En suma, de lo que se trata es de construir un marco cultural que sea consciente de las restricciones que impone nuestra vida natural, que promueva un marco de relaciones sociales donde las personas sienten que la cooperación es una condición de libertad, y donde la búsqueda de soluciones adecuadas a cada problema es el principal objetivo de la acción social.
V
Para tratar de bajar a la tierra es útil analizar los sucesos cotidianos. Dos noticias de esta semana sirven para ilustrar alguna de las cuestiones que comento más arriba.

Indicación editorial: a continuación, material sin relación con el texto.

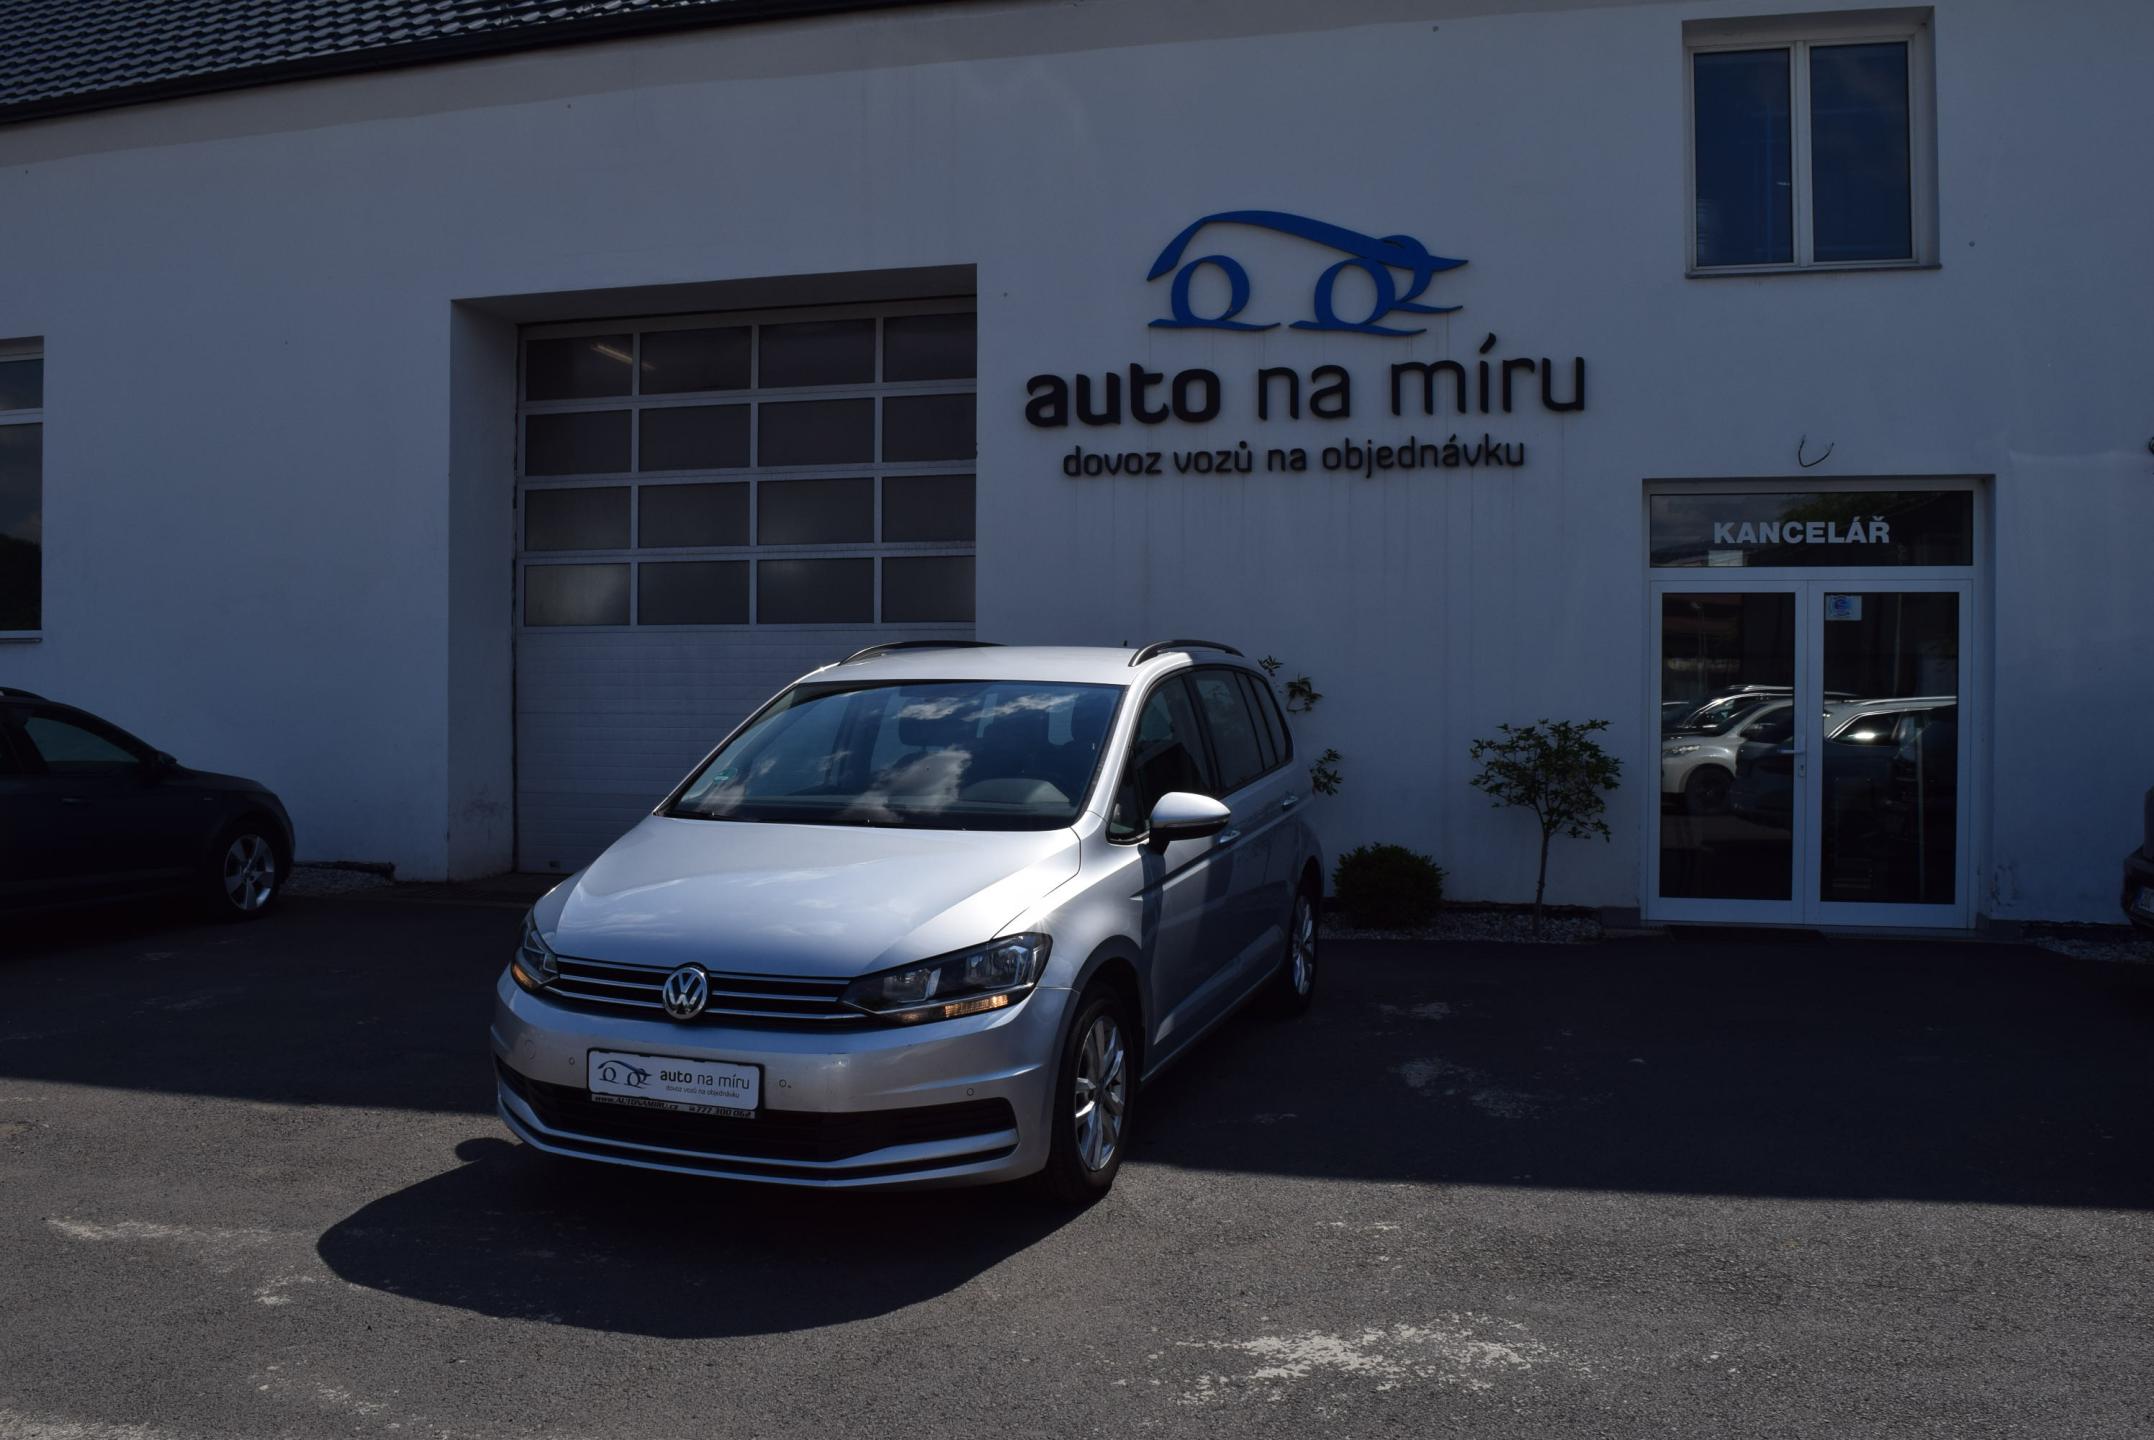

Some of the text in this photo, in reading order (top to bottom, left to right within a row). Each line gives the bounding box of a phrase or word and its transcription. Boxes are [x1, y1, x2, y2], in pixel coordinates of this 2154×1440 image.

La primera es el apagón de Texas, provocado por una ola de frío y nieve que ha costado vidas humanas y grandes destrozos. Una más de la frecuente serie de sucesos a los que nos vamos habituando, y no necesariamente el más grave. Puerto Rico, Haití o Mozambique han padecido desastres muchos peores en tiempo reciente, pero ya sabemos que estos países casi no existen en el imaginario nacional. Lo que es significativo de la crisis tejana es la combinación de una situación climática inusual con una gestión neoliberal de la red eléctrica que la ha hecho especialmente vulnerable y quizás (no tengo todos los datos) un fuerte aumento del consumo provocado por la misma ola de frío. Esta es la combinación perfecta para que se reproduzcan las situaciones de crisis, la combinación de mala gestión económica y ecológica asociada a un nivel de consumo desaforado. Unas crisis que serán recurrentes y amplificadas si no se adopta un cambio tanto en el modelo de gestión, de consumo, de organización social.

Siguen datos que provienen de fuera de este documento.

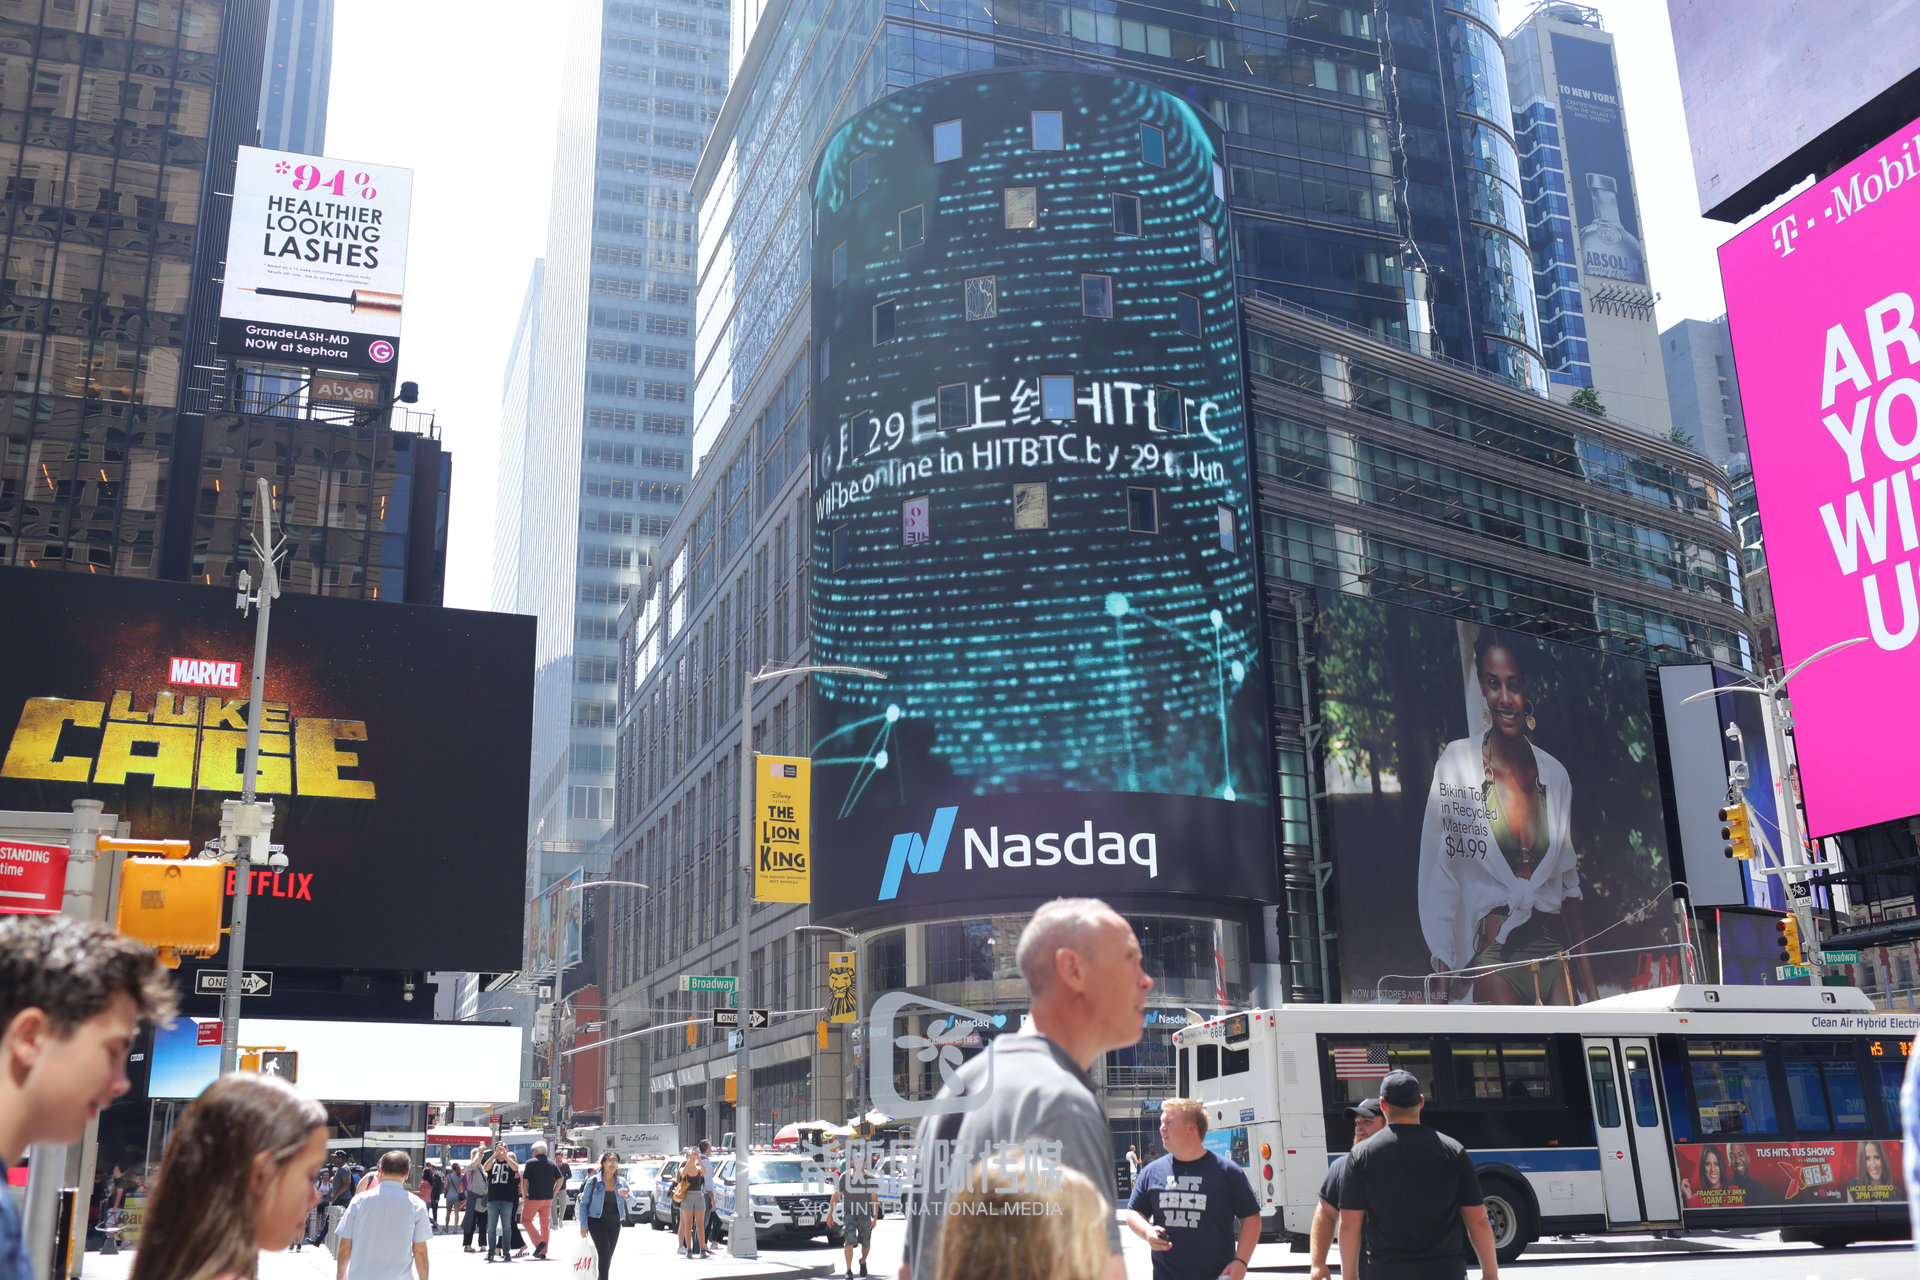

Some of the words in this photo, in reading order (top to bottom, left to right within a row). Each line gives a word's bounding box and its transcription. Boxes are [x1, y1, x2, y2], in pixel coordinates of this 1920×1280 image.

[1559, 84, 1570, 95] TO
[1572, 87, 1590, 99] NEW
[268, 195, 383, 225] HEALTHIER
[266, 213, 381, 243] LOOKING
[264, 232, 379, 269] LASHES
[246, 325, 350, 346] GrandeLASH-MD
[245, 338, 278, 350] NOW
[280, 343, 294, 352] at
[296, 344, 348, 358] Sephora
[318, 382, 374, 400] Absen
[940, 446, 964, 475] in
[972, 433, 1078, 470] HITBTC
[1086, 435, 1119, 472] by
[1189, 451, 1226, 483] Jun
[170, 658, 240, 687] MARVEL
[108, 690, 290, 732] LUKE
[1, 696, 376, 800] CAGE
[770, 790, 792, 800] Disney
[1440, 782, 1466, 799] Bikini
[1468, 786, 1488, 804] Top
[768, 806, 794, 820] THE
[1441, 800, 1450, 814] in
[1452, 802, 1498, 821] Recycled
[763, 821, 800, 844] LION
[1442, 818, 1488, 836] Materials
[0, 847, 50, 864] STANDING
[964, 820, 1158, 878] Nasdaq
[1446, 834, 1487, 860] $4.99
[760, 845, 806, 872] KING
[226, 870, 314, 900] ETFLIX
[1826, 952, 1857, 964] Broadway
[1784, 968, 1791, 977] W
[208, 978, 228, 987] ONE
[692, 978, 734, 992] Broadway
[1352, 988, 1370, 998] NOW
[1370, 989, 1378, 998] IN
[1380, 990, 1406, 999] STORES
[1407, 990, 1422, 1000] AND
[1424, 991, 1448, 1000] ONLINE
[722, 1014, 736, 1022] ONE
[955, 1019, 990, 1028] Nasdaq
[1158, 1014, 1190, 1026] Nasdaq
[1812, 1017, 1838, 1028] Clean
[1840, 1017, 1853, 1028] Air
[1856, 1018, 1887, 1030] Hybrid
[1210, 1026, 1226, 1038] 6692
[1899, 1042, 1907, 1050] 31
[621, 1134, 632, 1142] Pat
[632, 1134, 659, 1142] LaFrieda
[1756, 1148, 1771, 1157] TUS
[1772, 1148, 1790, 1158] HITS,
[1791, 1148, 1805, 1156] TUS
[1807, 1147, 1835, 1156] SHOWS
[492, 1163, 509, 1184] 96
[1803, 1164, 1834, 1186] 96.3
[1703, 1196, 1723, 1204] 10AM
[1727, 1196, 1743, 1204] 3PM
[1874, 1191, 1889, 1199] 7PM

El otro ejemplo es mucho más local y, en cierto sentido, poco novedoso. La multinacional Bosch anuncia el cierre de otra planta de componentes en Lliçà d’Amunt. Una planta de larga tradición. Y aquí se combinan también varias cosas: una tradicional operación empresarial, la deslocalización hacia Polonia, y un sector que entra en crisis por el doble desafío de la energía que hemos citado anteriormente (calentamiento y pico del petróleo), un sector que está replanteando su futuro en busca de un cambio tecnológico que lo haga viable y de un modelo de empresa (la gestión de la movilidad) que permita seguir obteniendo pingües beneficios.
Que van a producirse cierres de plantas es algo que se sabe con seguridad. Lo que resulta más complicado es saber dónde ocurrirá. Pero un país que no tiene estructuras propias, que se ha convertido en un espacio de aterrizaje de multinacionales que tradicionalmente han producido aquí sus vehículos de gama baja, tiene bastantes números para que se cierren plantas. La cuestión fundamental es que aquí todas las fuerzas vivas del país llevan años haciendo esfuerzos (salariales, fiscales, comerciales) para que las grandes empresas del motor mantengan sus plantas. Pero, en cambio, no ha habido ningún interés en explorar ni los límites del modelo ni las posibilidades de avanzarse en desarrollar un modelo productivo más adaptado a la crisis ecológica, capaz de anticiparse al cambio de modelo, y menos depredador. Cuando las multinacionales se van sólo queda el derecho al pataleo y negociar despidos. Y lo que vale para el automóvil lo vivimos también en el sector turístico. Encadenados a grupos de interés e ideas de las que solo puede esperarse que nos lleven de crisis en crisis. Es verdad que falta innovación, empezando por los enfoques de lo económico.